**TASK GOAL**
Below are some records; copy them word for word and drop the pictures.

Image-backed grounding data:
────────────────────

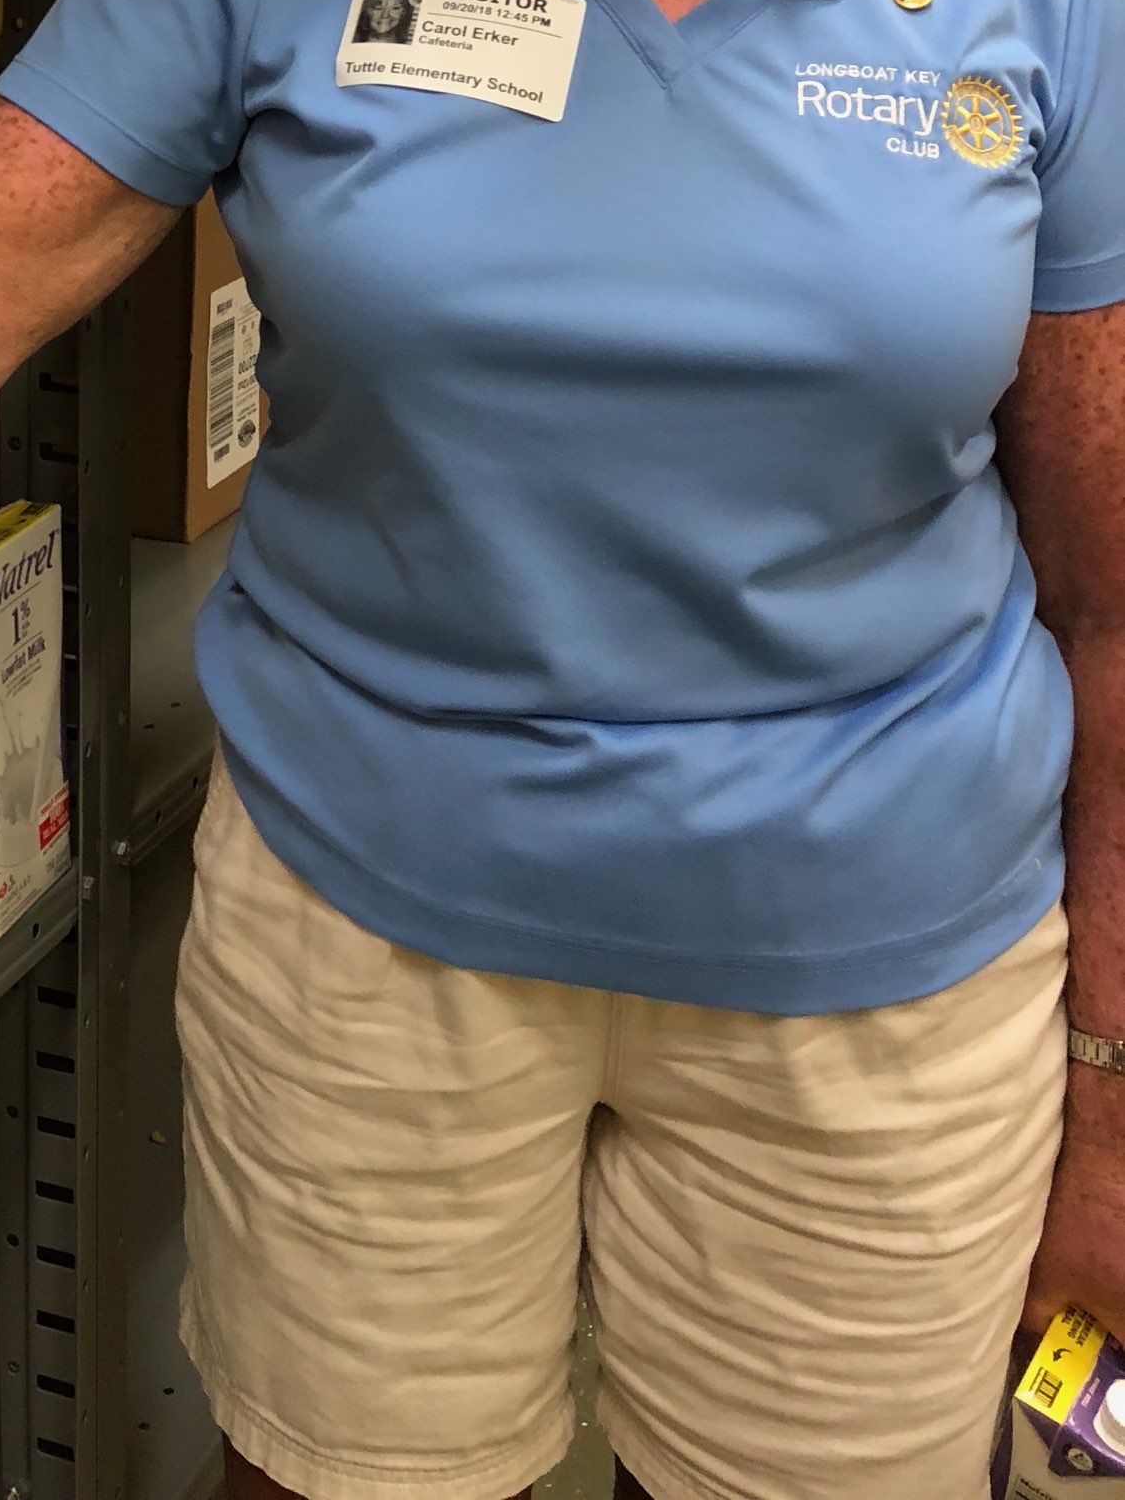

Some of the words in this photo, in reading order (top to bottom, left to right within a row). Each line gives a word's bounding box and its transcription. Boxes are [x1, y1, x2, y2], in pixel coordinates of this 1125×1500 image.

[442, 1, 492, 17] 09/20/18
[496, 8, 528, 23] 12:45
[531, 16, 551, 28] PM
[418, 35, 473, 51] Cafeteria
[421, 20, 466, 39] Carol
[472, 27, 519, 47] Erker
[345, 61, 386, 74] Tuttle
[391, 63, 482, 88] Elementary
[487, 78, 543, 104] School
[795, 63, 898, 81] LONGBOAT
[905, 70, 941, 87] KEY
[797, 80, 939, 136] Rotary
[885, 137, 941, 160] CLUB
[12, 599, 31, 646] 1%

────────────────────

**RESULT BELOW**
Some of the words in this photo, in reading order (top to bottom, left to right within a row). Each line gives a word's bounding box and its transcription. Boxes are [x1, y1, x2, y2], in pixel coordinates of this 1125×1500 image.

[442, 1, 492, 17] 09/20/18
[496, 8, 528, 23] 12:45
[531, 16, 551, 28] PM
[418, 35, 473, 51] Cafeteria
[421, 20, 466, 39] Carol
[472, 27, 519, 47] Erker
[345, 61, 386, 74] Tuttle
[391, 63, 482, 88] Elementary
[487, 78, 543, 104] School
[795, 63, 898, 81] LONGBOAT
[905, 70, 941, 87] KEY
[797, 80, 939, 136] Rotary
[885, 137, 941, 160] CLUB
[12, 599, 31, 646] 1%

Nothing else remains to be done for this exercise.